[Annotated photo localization data]
○ ○ ○ ○
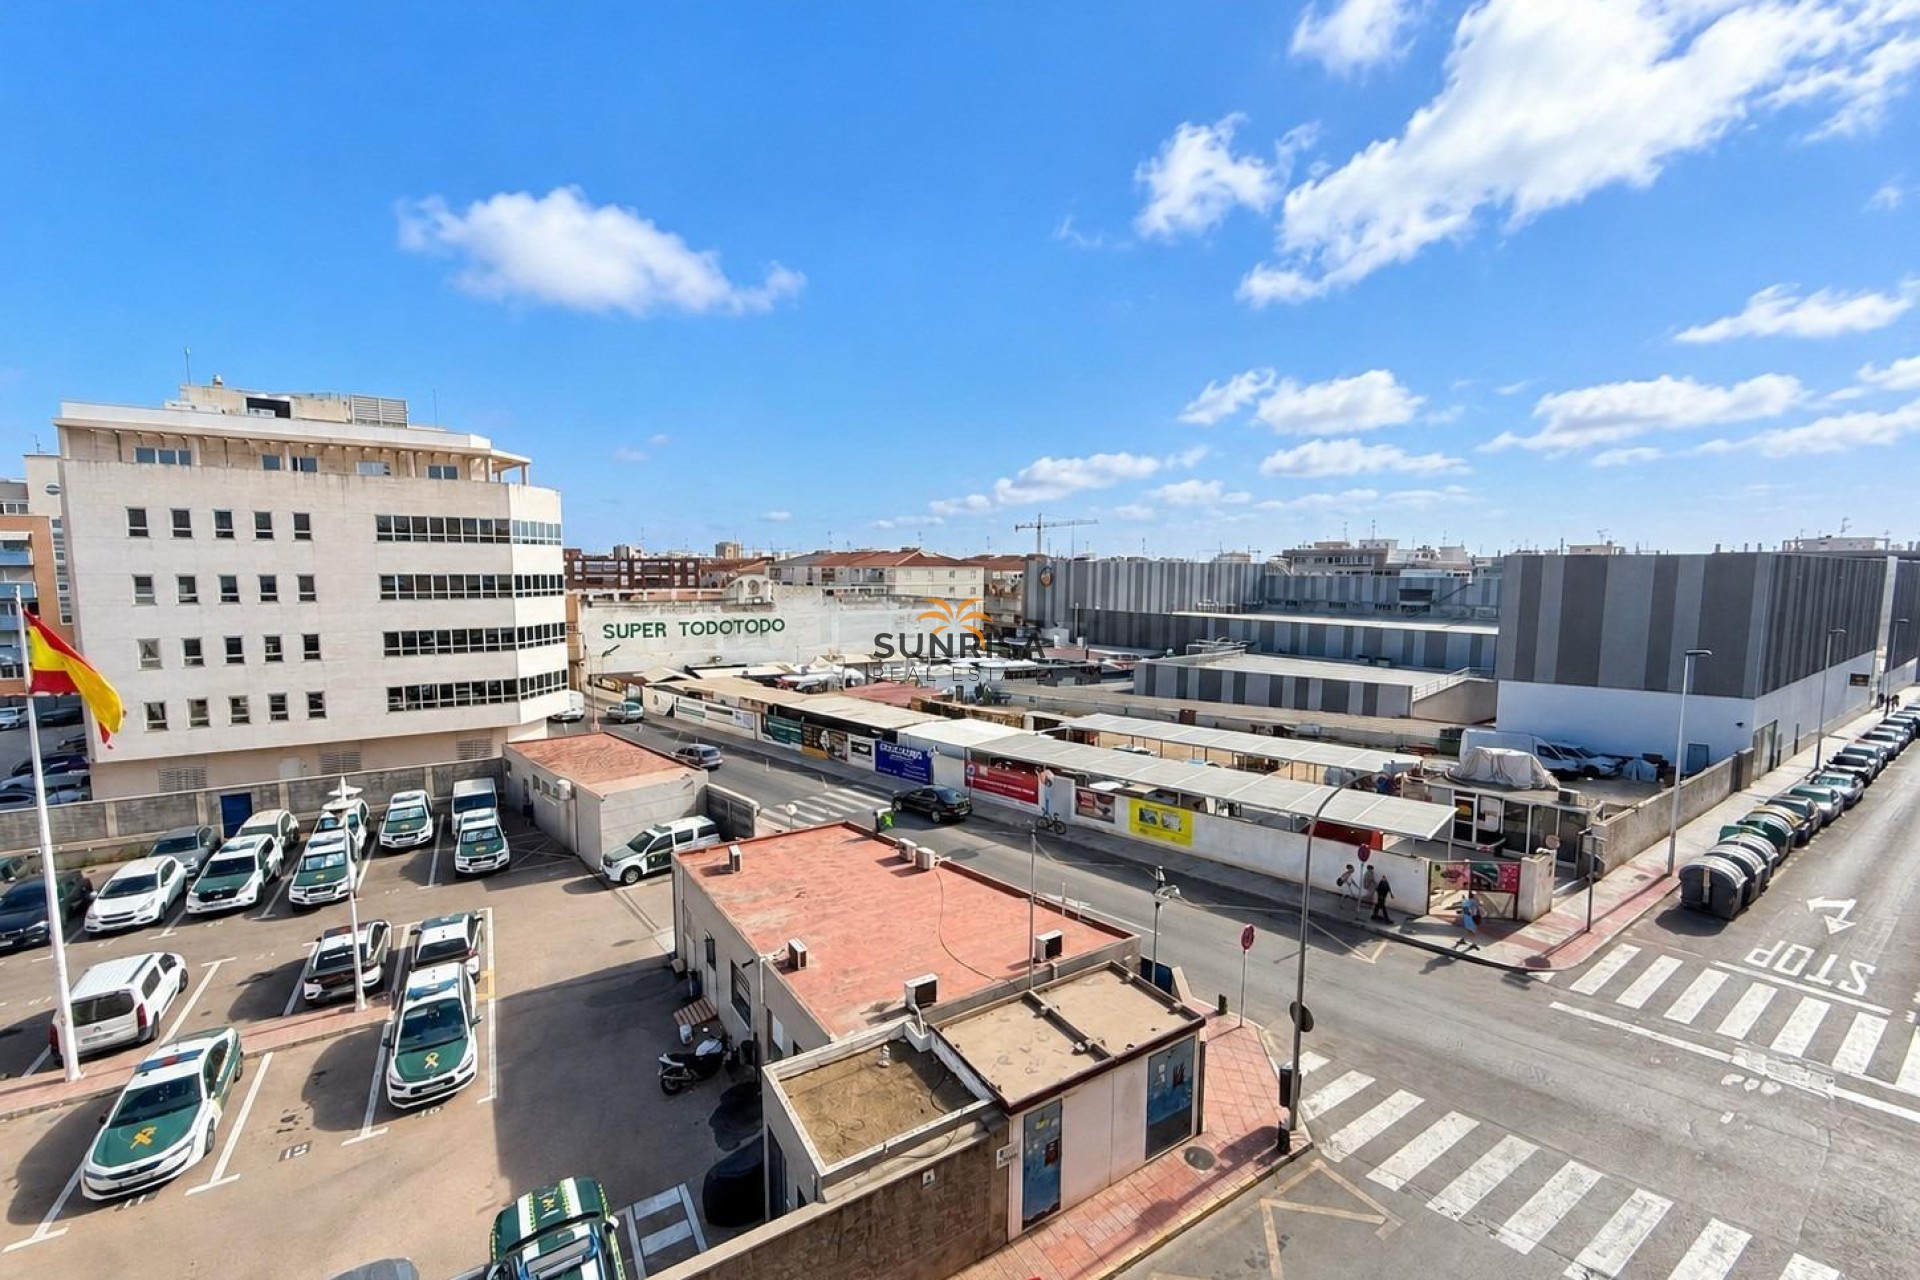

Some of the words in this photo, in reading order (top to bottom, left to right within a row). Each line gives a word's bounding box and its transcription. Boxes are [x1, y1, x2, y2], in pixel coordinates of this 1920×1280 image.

[603, 621, 667, 639] SUPER
[679, 618, 786, 637] TODOTODO
[1744, 941, 1877, 996] STOP
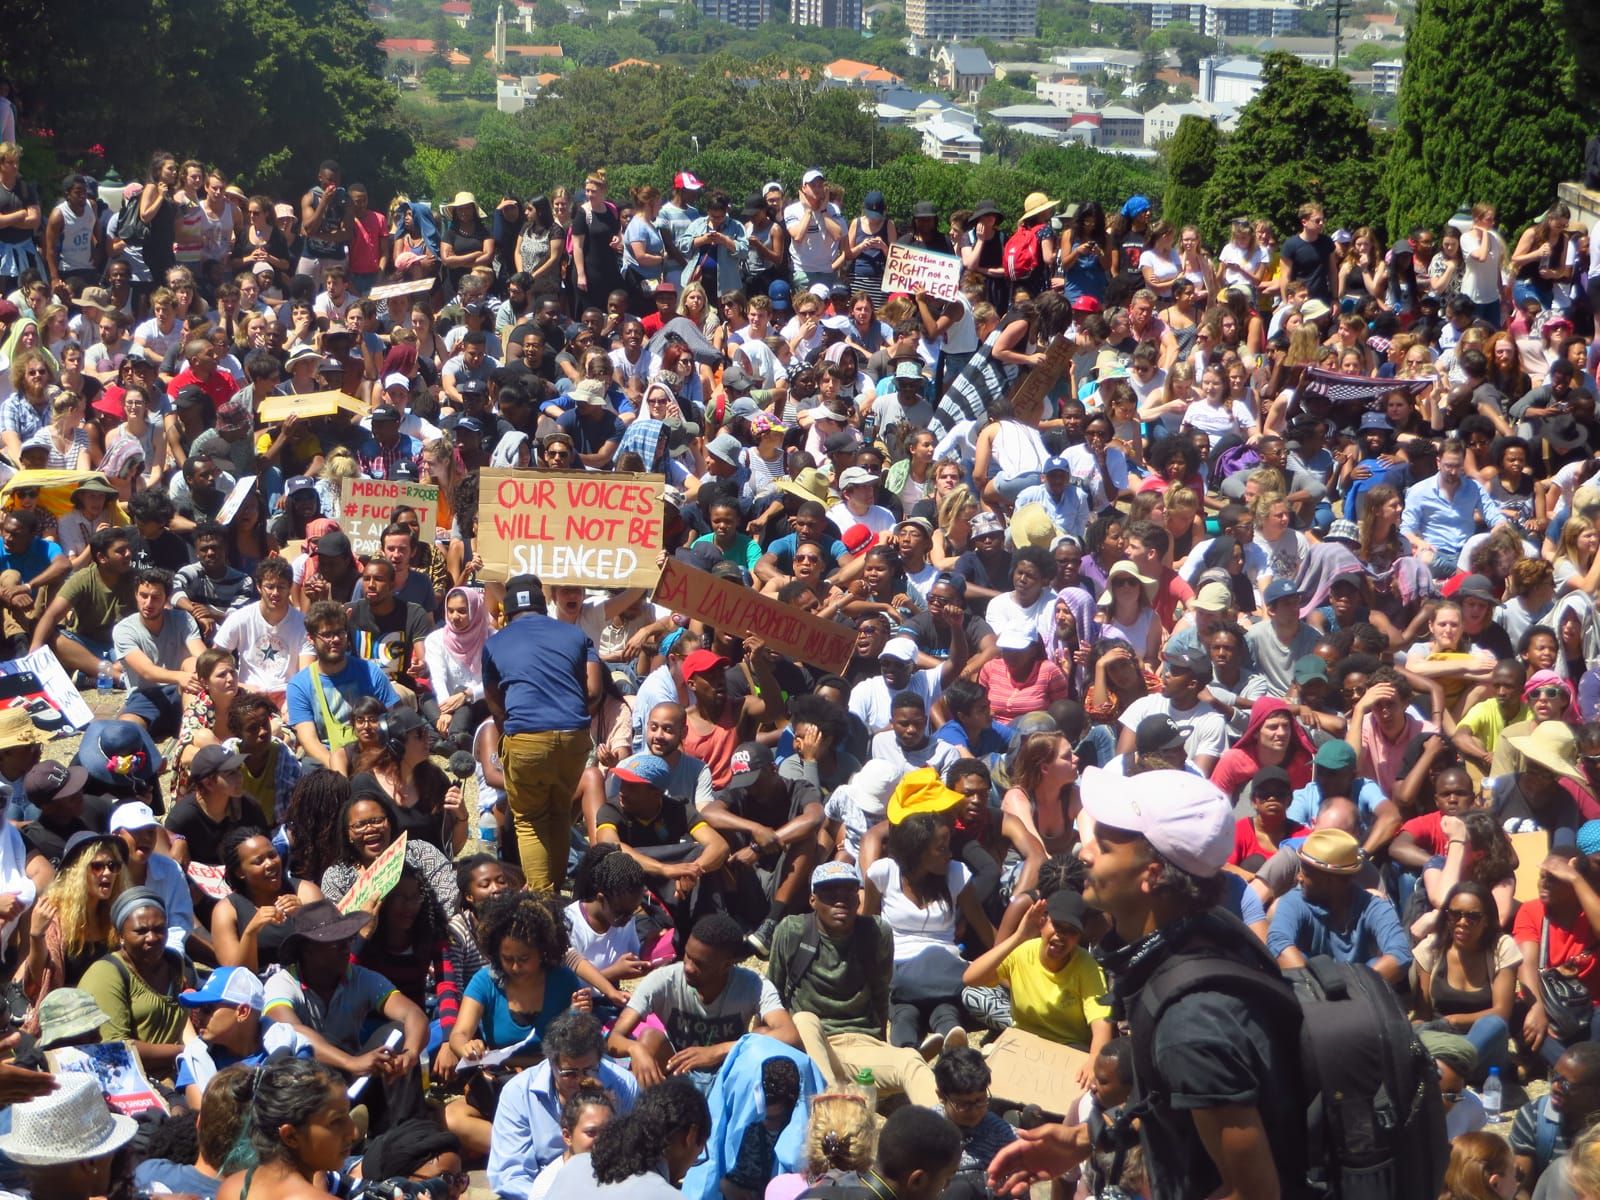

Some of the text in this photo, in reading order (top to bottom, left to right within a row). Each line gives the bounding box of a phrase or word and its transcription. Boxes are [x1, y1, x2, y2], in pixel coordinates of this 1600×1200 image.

[888, 259, 929, 278] RIGHT
[927, 270, 942, 278] not
[351, 482, 399, 498] MBChB
[497, 480, 654, 515] OUR VOICES
[348, 521, 362, 536] I
[494, 513, 661, 549] WILL NOT BE
[510, 544, 638, 579] SILENCED
[655, 567, 688, 608] SA
[696, 583, 742, 624] LAW
[676, 1015, 736, 1037] WORK
○ ○ ○ ○
BRIEF = Pictures aside, retype the entries above exactly as they are.

EXERCISE RESPONSE =
Some of the words in this photo, in reading order (top to bottom, left to right within a row). Each line gives a word's bounding box and its transcription. Boxes are [x1, y1, x2, y2], in pixel coordinates of this 1920×1280 image.

[603, 621, 667, 639] SUPER
[679, 618, 786, 637] TODOTODO
[1744, 941, 1877, 996] STOP

Some of the text in this photo, in reading order (top to bottom, left to right within a row). Each line gives the bounding box of a phrase or word and its transcription. Boxes are [x1, y1, x2, y2], in pixel coordinates of this 1600×1200 image.

[888, 259, 929, 278] RIGHT
[927, 270, 942, 278] not
[351, 482, 399, 498] MBChB
[497, 480, 654, 515] OUR VOICES
[348, 521, 362, 536] I
[494, 513, 661, 549] WILL NOT BE
[510, 544, 638, 579] SILENCED
[655, 567, 688, 608] SA
[696, 583, 742, 624] LAW
[676, 1015, 736, 1037] WORK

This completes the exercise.